Segment Start: Information shown
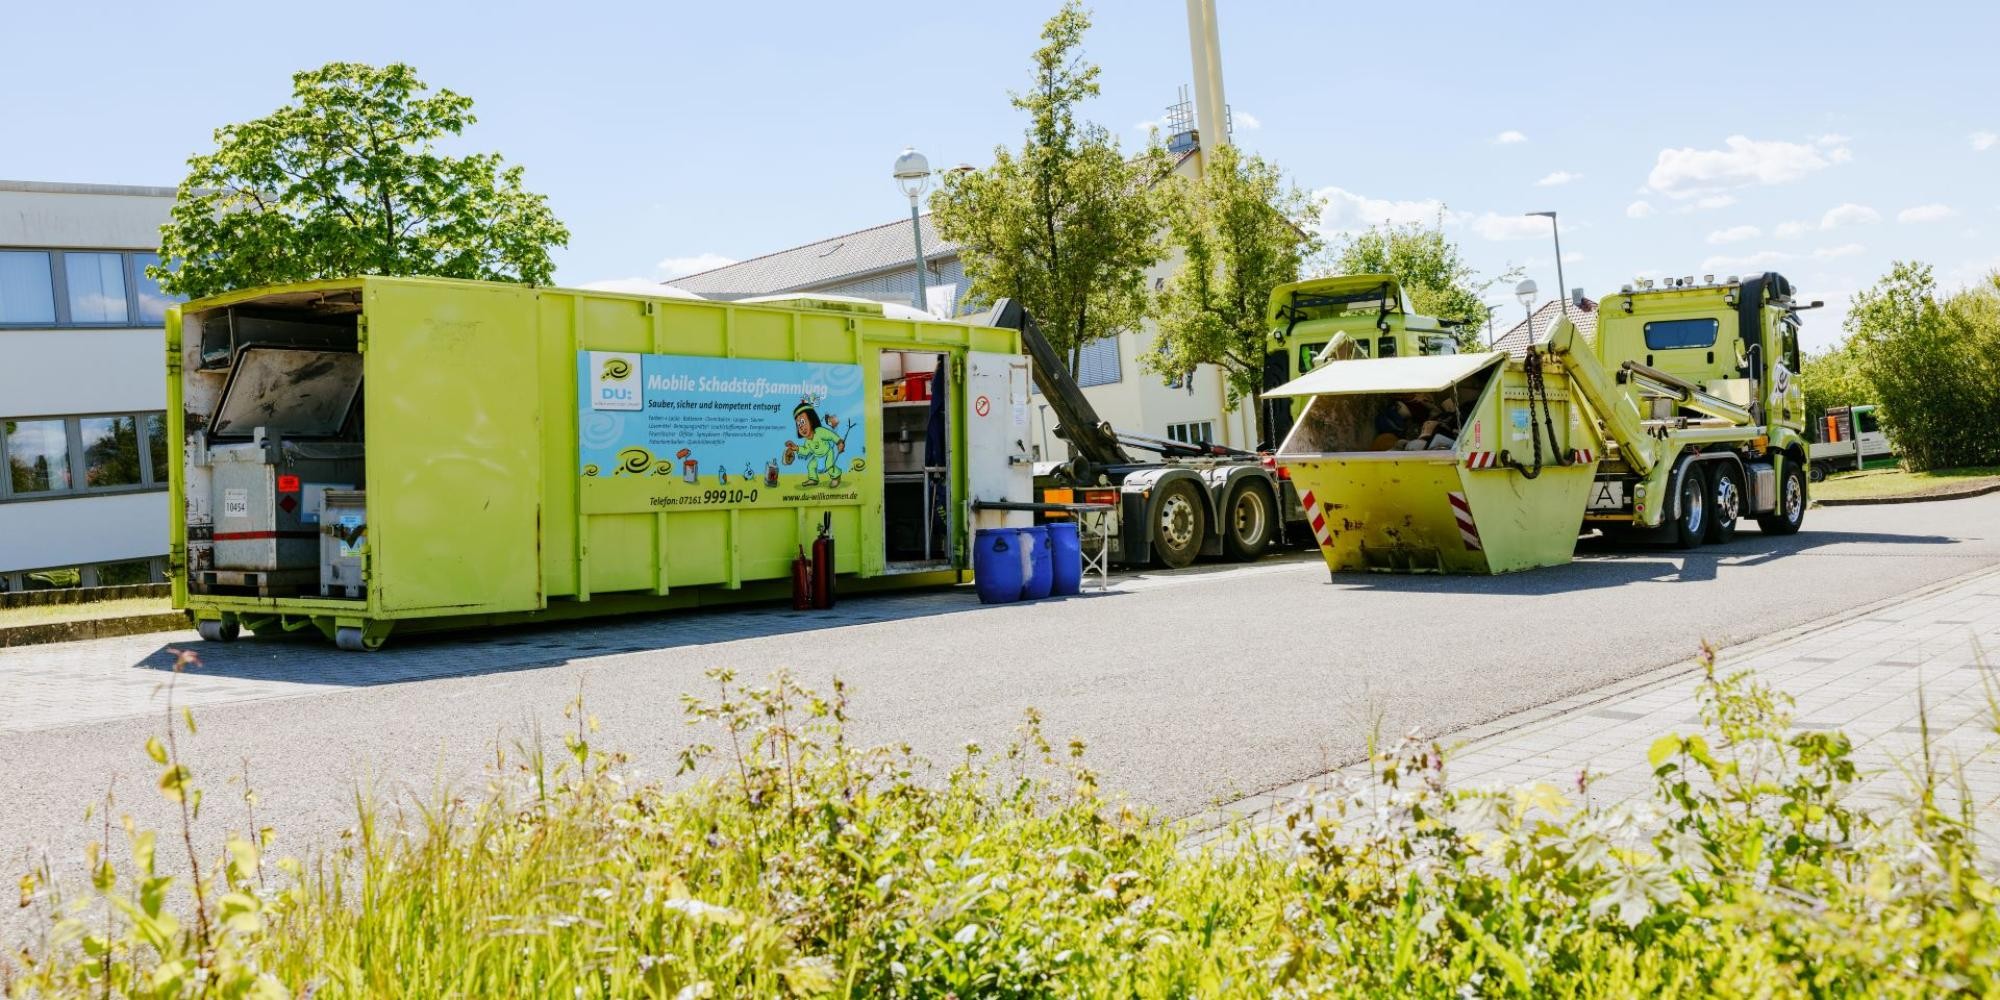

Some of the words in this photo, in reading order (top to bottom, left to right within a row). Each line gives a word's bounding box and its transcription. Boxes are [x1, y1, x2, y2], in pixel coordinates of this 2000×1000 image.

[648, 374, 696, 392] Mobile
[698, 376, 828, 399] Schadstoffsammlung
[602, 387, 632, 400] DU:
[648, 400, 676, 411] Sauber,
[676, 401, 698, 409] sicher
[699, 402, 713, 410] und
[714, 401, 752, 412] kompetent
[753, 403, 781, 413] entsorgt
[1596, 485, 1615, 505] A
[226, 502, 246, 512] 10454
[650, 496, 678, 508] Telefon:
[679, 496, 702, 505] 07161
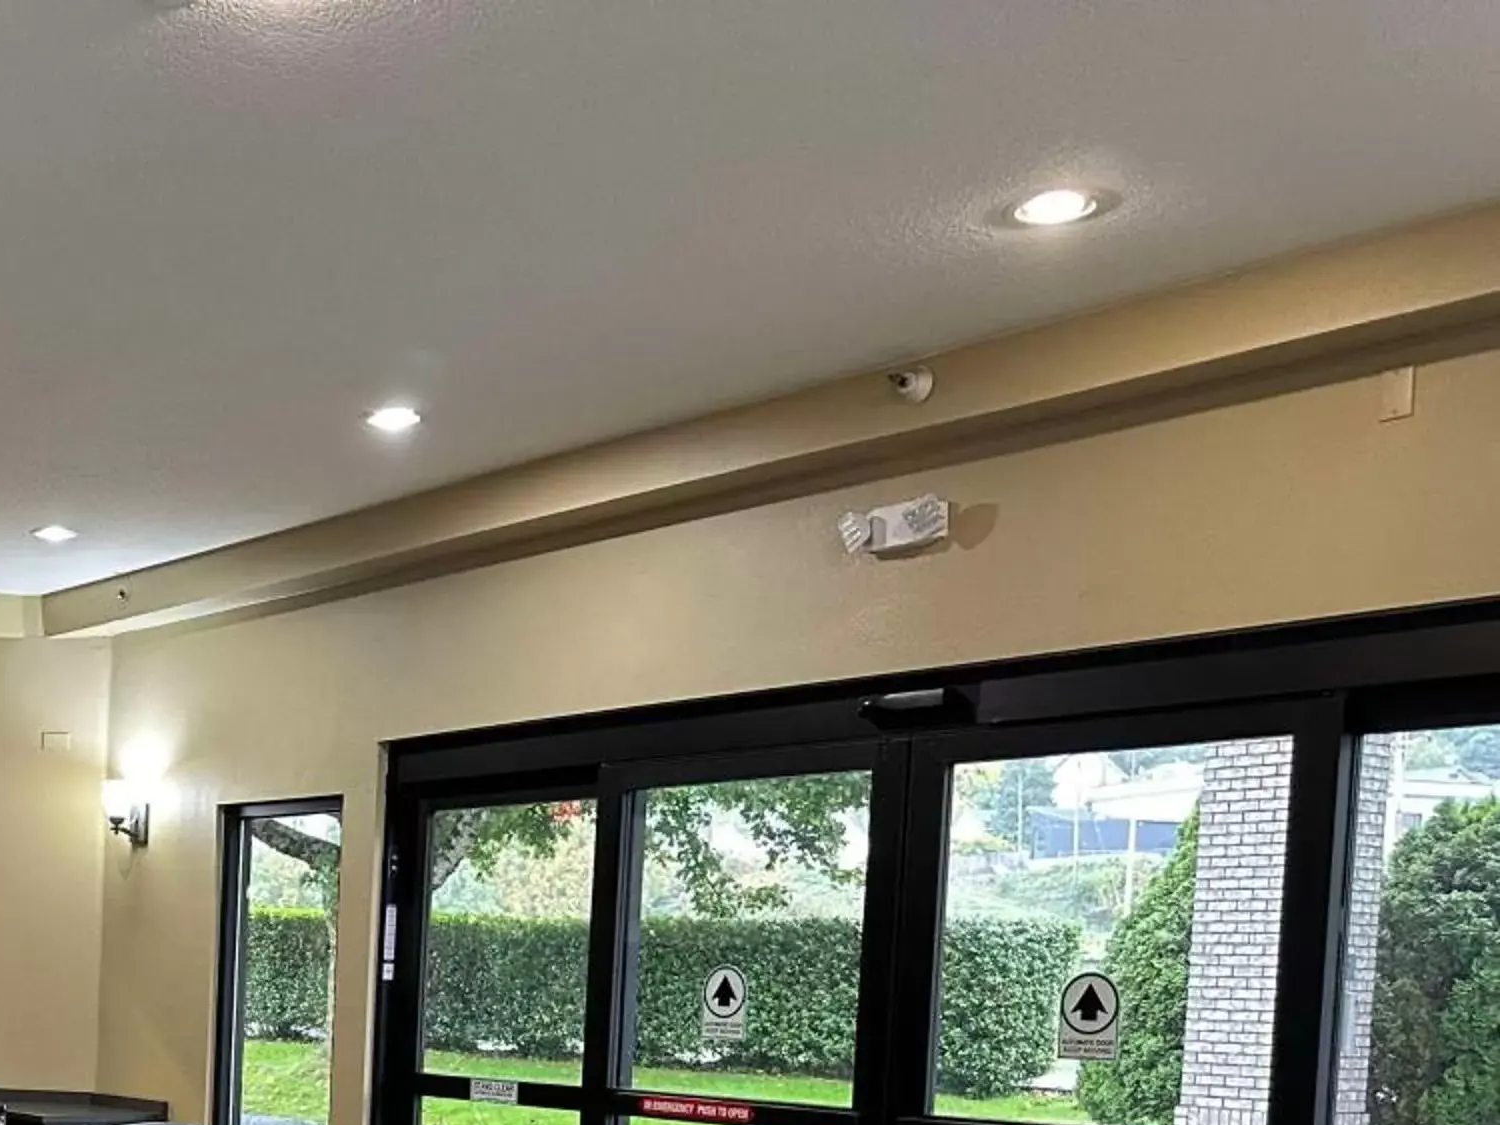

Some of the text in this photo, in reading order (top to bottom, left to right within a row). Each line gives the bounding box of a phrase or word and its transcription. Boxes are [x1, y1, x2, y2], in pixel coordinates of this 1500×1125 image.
Segment End: Information shown
Give the data above again exactly. Leave the pictures out.

### Exercise answer
Some of the words in this photo, in reading order (top to bottom, left to right within a row). Each line gives a word's bounding box and its transcription. Boxes are [x1, y1, x2, y2], in pixel coordinates of this 2000×1000 image.

[648, 374, 696, 392] Mobile
[698, 376, 828, 399] Schadstoffsammlung
[602, 387, 632, 400] DU:
[648, 400, 676, 411] Sauber,
[676, 401, 698, 409] sicher
[699, 402, 713, 410] und
[714, 401, 752, 412] kompetent
[753, 403, 781, 413] entsorgt
[1596, 485, 1615, 505] A
[226, 502, 246, 512] 10454
[650, 496, 678, 508] Telefon:
[679, 496, 702, 505] 07161

Some of the text in this photo, in reading order (top to bottom, left to right within a row). Each line gives the bounding box of a phrase or word and its transcription. Boxes are [x1, y1, x2, y2], in pixel coordinates of this 1500×1125 image.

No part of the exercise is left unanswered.